I am in the middle of listening to a follow up podcast from Chris Sacca on the Tim Ferriss podcast. Chris @sacca talks about “getting down to business” at the 14 minute mark. This also rings true in the job search. Caution for those with sensitive ears, there is some big boy language. How often do you get sidetracked or distracted from your job search? I bet a lot.
First, the reasons behind it… I have not met anyone that likes the process of looking for a job. It is like cold calling for sales people or looking for a first date with someone. Yes, sometimes the hunt can be fun but that is once you find the tracks or you find the person you want to ask out. Looking for the tracks or looking for that person, not so much.
Secondly, it does not feel productive. You are probably looking at the entire elephant that you need to eat. AKA finding THE JOB. Notice I say, THE job not A job. If you only have the job offer as your only goal that finish line may be weeks or months off and makes the day to day toil of the job search tough to endure. You need to knock that goal into smaller pieces. You need to start doing a job search journal to track your goals. More on that later this week.

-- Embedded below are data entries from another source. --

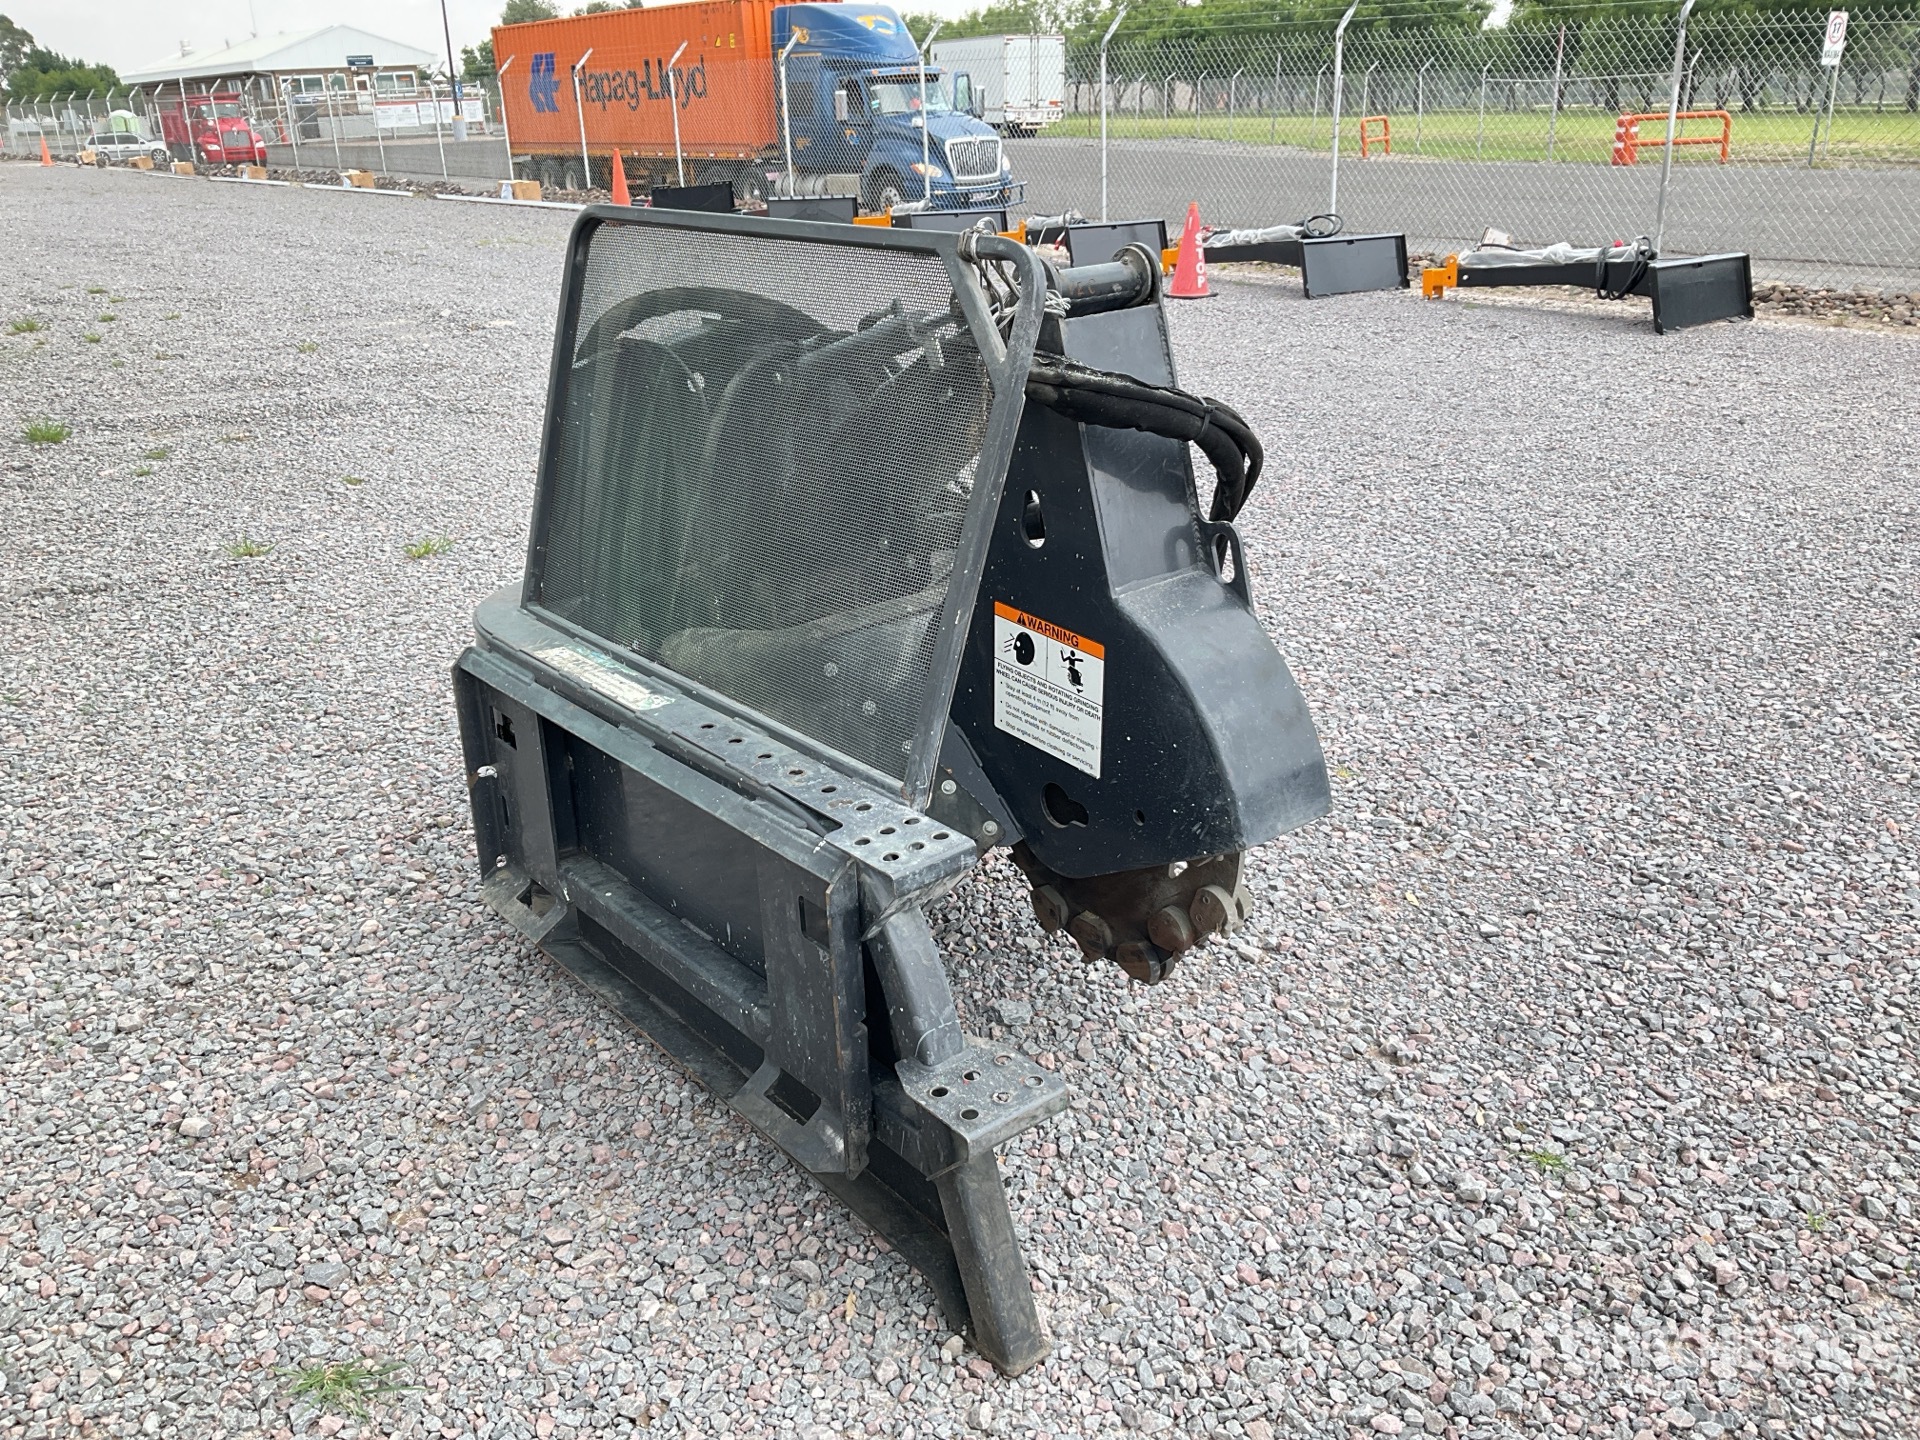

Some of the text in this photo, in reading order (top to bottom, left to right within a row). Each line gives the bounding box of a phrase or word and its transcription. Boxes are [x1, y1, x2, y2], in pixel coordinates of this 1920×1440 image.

[571, 54, 707, 111] Hapag-Lloyd
[1194, 232, 1205, 289] STOP
[1026, 615, 1078, 647] WARNING
[996, 668, 1100, 721] WHEEL CAN CAUSE SERIOUS INJURY OR DEATH
[997, 661, 1098, 712] FLYING OBJECTS AND ROTATING GRINDING

Thirdly, we are wired for distraction these days. You need to figure out how you work and focus best. Some people need a quite place. You may need noise cancelling headphones or ear plugs. Or as Chris Sacca does, play one song on repeat to help you focus on your task at hand.
On to the solutions…
Create digital space
You need to turn off all digital distractions. Chris Sacca @sacca suggests a software solution: Rescue Time @rescuetime. It helps by not only preventing some distractions but it helps by tracking where your time is spent so you know where to INVEST your time. Chris goes on to say that you need to turn off the notifications on your phone and other devices while you focus.
Are you on offense or defense?
Offense is when you are doing things that you assign yourself. Defense is when you are doing things to please others. Offense is what you GET to do and defense is what you HAVE to do. It may just be as simple as making that mental shift from what you MUST do to what you CAN do. Who is writing your to-do list? Yes, it is a good idea to check the job boards but all the signs point to the fact that job boards may be one of the least effective uses of your time. That is not to say don’t use them, just plan your time and set a limit.
Playing offense is tougher.
You can’t win by just playing defense, you must get some points on the board. But guess what? Offense it tougher and takes more planning. Defense is primarily reactionary. You need to not only plan and set your goals but you need to plan the execution. HOW are you going to get it done? What are your priorities? Are you waiting on jobs to come open or are you seeking out opportunities? What are you doing to make things happen?
So take a few minutes today and ask yourself… “am I playing defense or offense in my job search?”
Standing on the defensive indicates insufficient strength; attacking, a superabundance of strength.